The answer must be an exact copy of the records, with every picture left out.

┏━━

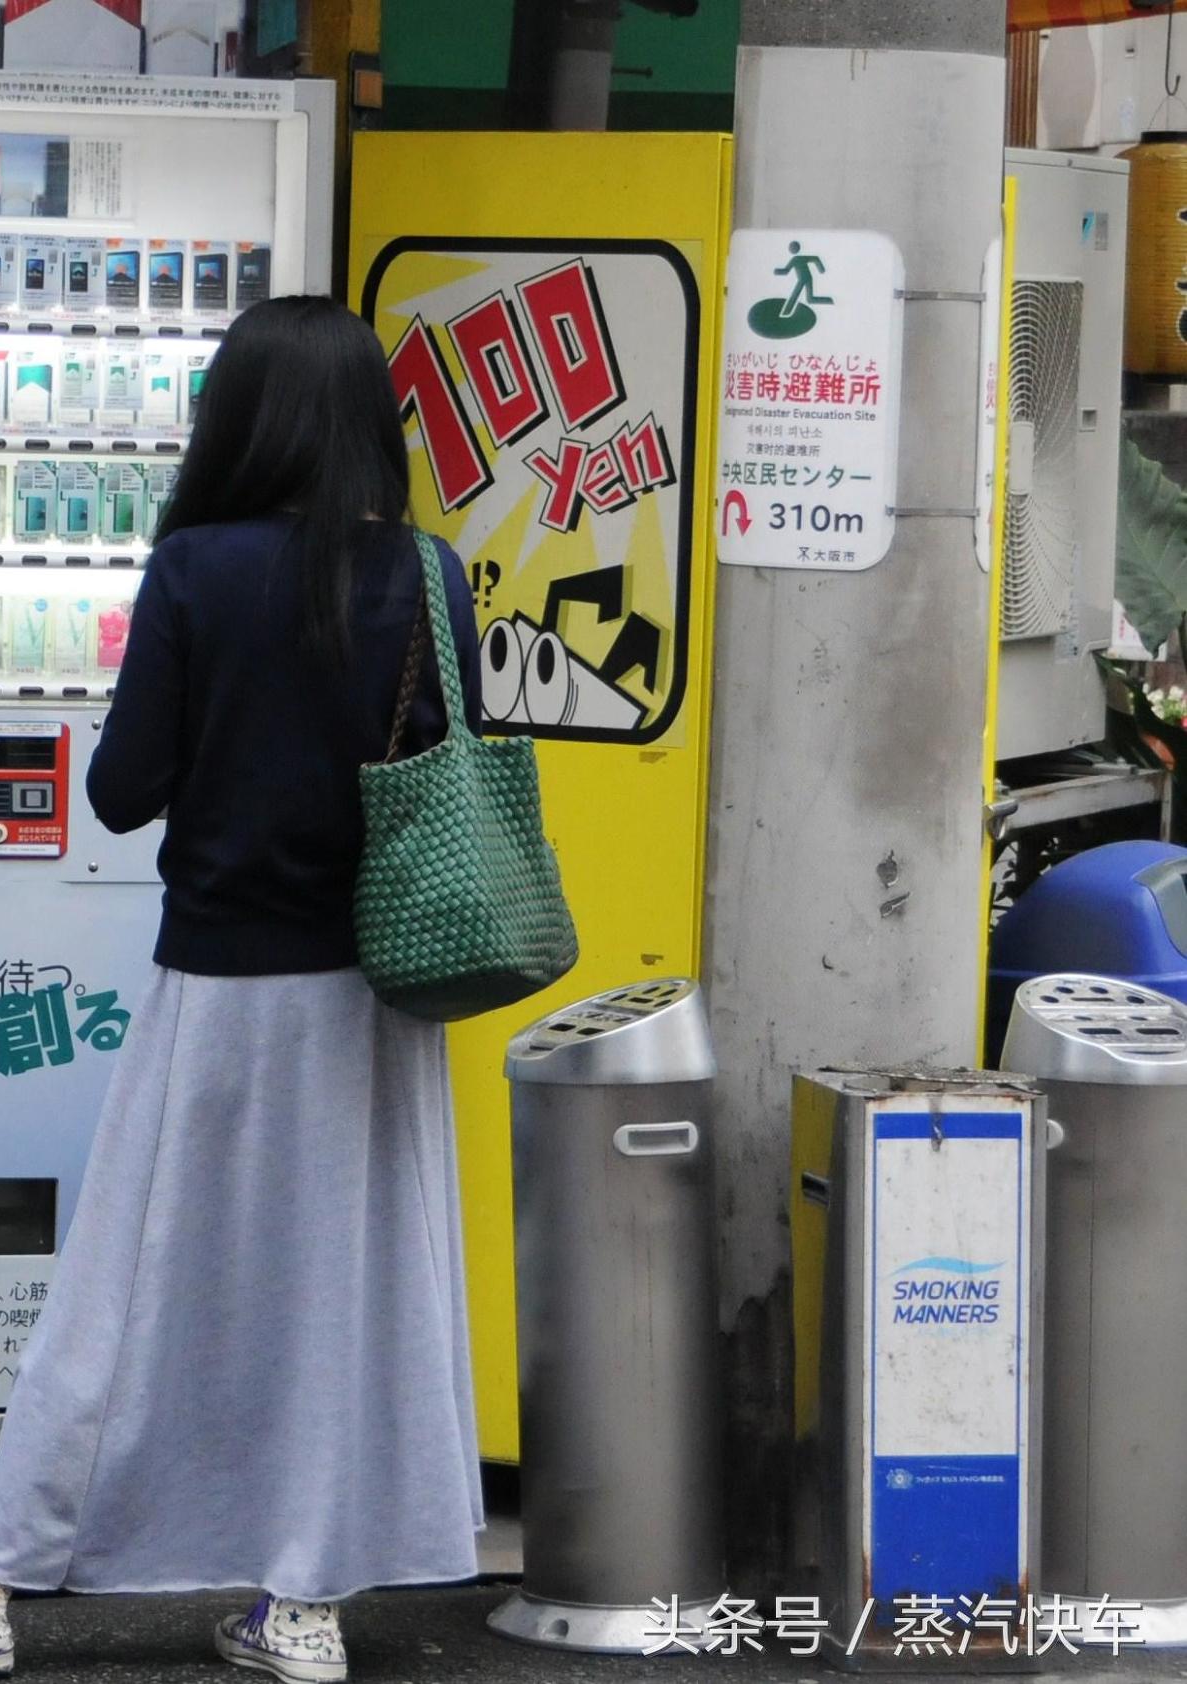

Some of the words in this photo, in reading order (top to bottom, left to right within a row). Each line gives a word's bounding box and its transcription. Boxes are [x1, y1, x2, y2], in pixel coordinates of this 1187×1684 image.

[789, 354, 878, 374] ひなんじょ
[387, 257, 627, 514] 100
[755, 407, 791, 418] Disaster
[793, 408, 852, 420] Evacuation
[854, 410, 877, 421] Site
[523, 412, 677, 534] yen
[769, 503, 864, 533] 310m
[813, 549, 856, 563] 大阪市
[893, 1280, 1000, 1300] SMOKING
[893, 1303, 999, 1324] MANNERS
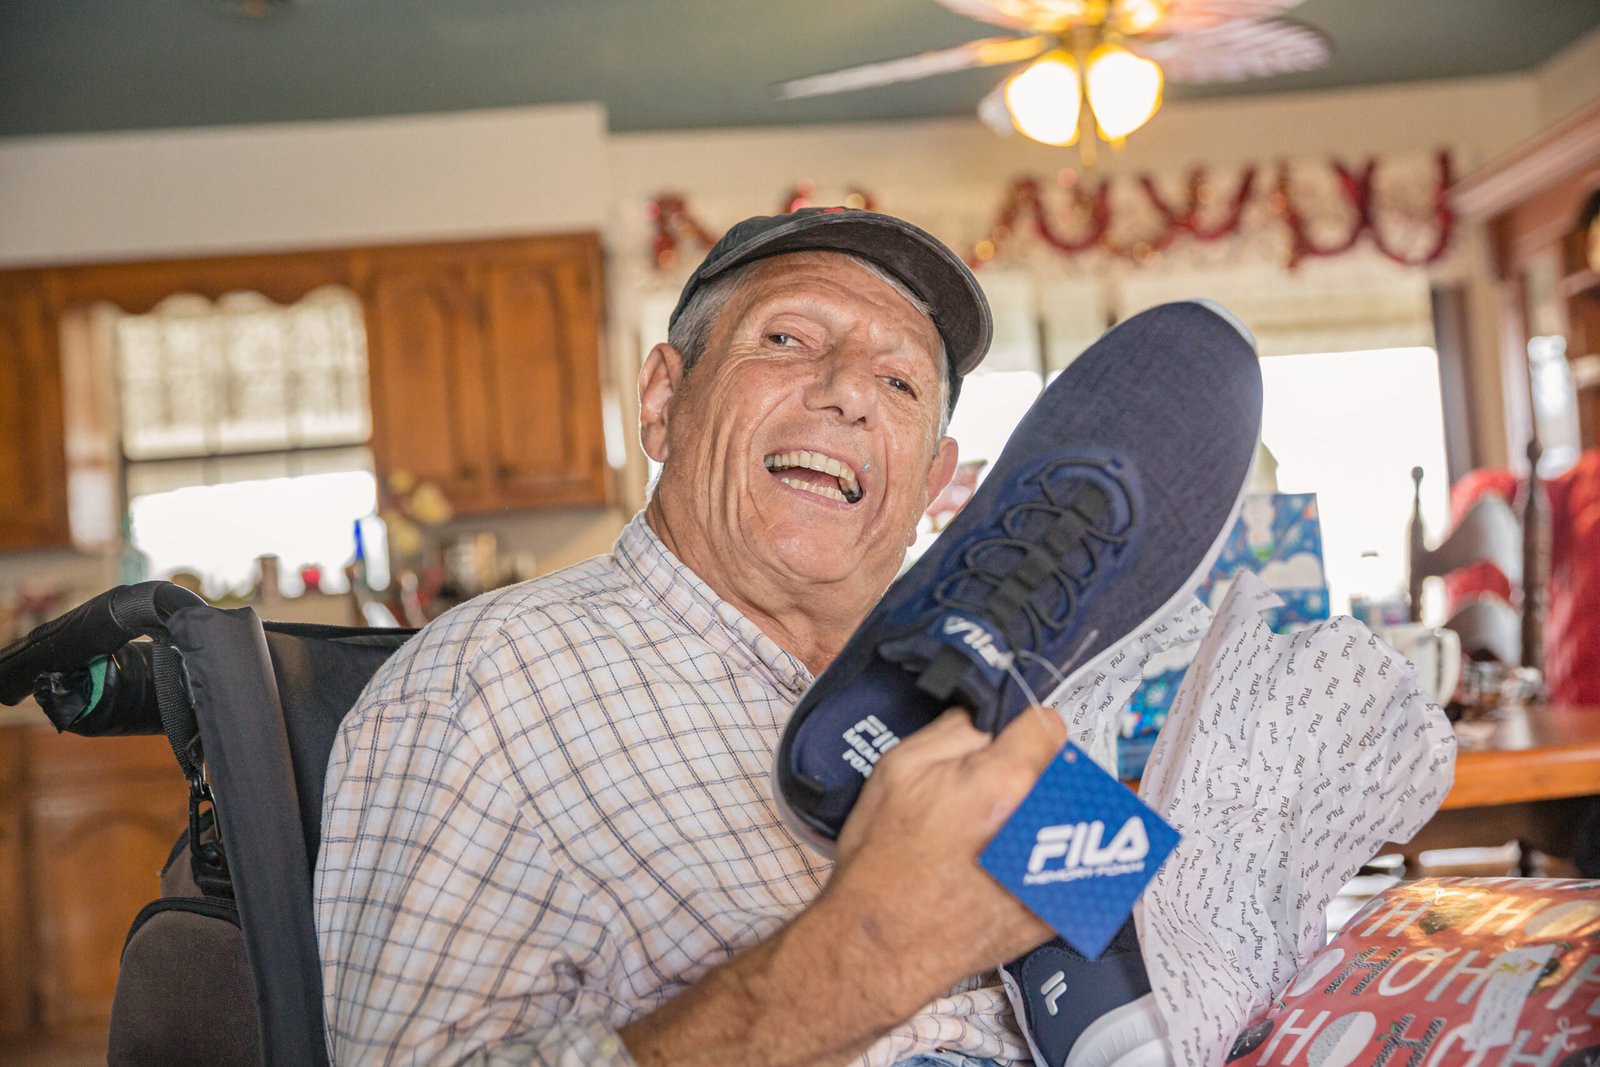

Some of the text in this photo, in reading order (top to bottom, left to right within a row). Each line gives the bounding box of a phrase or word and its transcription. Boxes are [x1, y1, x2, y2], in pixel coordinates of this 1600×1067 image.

[1342, 636, 1357, 657] FILA
[1110, 652, 1126, 669] FILA
[1314, 651, 1328, 669] FILA
[1378, 656, 1392, 676] FILA
[1250, 673, 1261, 695] FILA
[1353, 664, 1366, 684] FILA
[1298, 687, 1312, 706] FILA
[1325, 677, 1340, 696] FILA
[1230, 688, 1240, 710] FILA
[1286, 695, 1294, 716] FILA
[1360, 694, 1376, 714] FILA
[1073, 703, 1088, 725] FILA
[1212, 703, 1222, 725] FILA
[1336, 702, 1351, 722] FILA
[1269, 721, 1277, 744] FILA
[1308, 713, 1323, 733] FILA
[1337, 734, 1352, 754] FILA
[1359, 726, 1375, 747] FILA
[1369, 726, 1387, 746] FILA
[1294, 754, 1305, 775] FILA
[1314, 778, 1331, 794] FILA
[1362, 781, 1380, 796] FILA
[1221, 804, 1244, 815] FILA
[1279, 796, 1289, 817] FILA
[1327, 805, 1344, 821] FILA
[1027, 816, 1149, 875] FILA
[1315, 829, 1331, 846] FILA
[1246, 853, 1256, 872] FILA
[1279, 851, 1288, 868] FILA
[1306, 860, 1319, 877] FILA
[1023, 861, 1145, 885] MEMORY FOAM
[1341, 864, 1356, 881] FILA
[1250, 895, 1260, 915] FILA
[1227, 950, 1240, 973] FILA

┗━━

**Your solution:**
Some of the words in this photo, in reading order (top to bottom, left to right within a row). Each line gives a word's bounding box and its transcription. Boxes are [x1, y1, x2, y2], in pixel coordinates of this 1187×1684 image.

[789, 354, 878, 374] ひなんじょ
[387, 257, 627, 514] 100
[755, 407, 791, 418] Disaster
[793, 408, 852, 420] Evacuation
[854, 410, 877, 421] Site
[523, 412, 677, 534] yen
[769, 503, 864, 533] 310m
[813, 549, 856, 563] 大阪市
[893, 1280, 1000, 1300] SMOKING
[893, 1303, 999, 1324] MANNERS

Some of the text in this photo, in reading order (top to bottom, left to right within a row). Each line gives the bounding box of a phrase or word and its transcription. Boxes are [x1, y1, x2, y2], in pixel coordinates of this 1600×1067 image.

[1342, 636, 1357, 657] FILA
[1110, 652, 1126, 669] FILA
[1314, 651, 1328, 669] FILA
[1378, 656, 1392, 676] FILA
[1250, 673, 1261, 695] FILA
[1353, 664, 1366, 684] FILA
[1298, 687, 1312, 706] FILA
[1325, 677, 1340, 696] FILA
[1230, 688, 1240, 710] FILA
[1286, 695, 1294, 716] FILA
[1360, 694, 1376, 714] FILA
[1073, 703, 1088, 725] FILA
[1212, 703, 1222, 725] FILA
[1336, 702, 1351, 722] FILA
[1269, 721, 1277, 744] FILA
[1308, 713, 1323, 733] FILA
[1337, 734, 1352, 754] FILA
[1359, 726, 1375, 747] FILA
[1369, 726, 1387, 746] FILA
[1294, 754, 1305, 775] FILA
[1314, 778, 1331, 794] FILA
[1362, 781, 1380, 796] FILA
[1221, 804, 1244, 815] FILA
[1279, 796, 1289, 817] FILA
[1327, 805, 1344, 821] FILA
[1027, 816, 1149, 875] FILA
[1315, 829, 1331, 846] FILA
[1246, 853, 1256, 872] FILA
[1279, 851, 1288, 868] FILA
[1306, 860, 1319, 877] FILA
[1023, 861, 1145, 885] MEMORY FOAM
[1341, 864, 1356, 881] FILA
[1250, 895, 1260, 915] FILA
[1227, 950, 1240, 973] FILA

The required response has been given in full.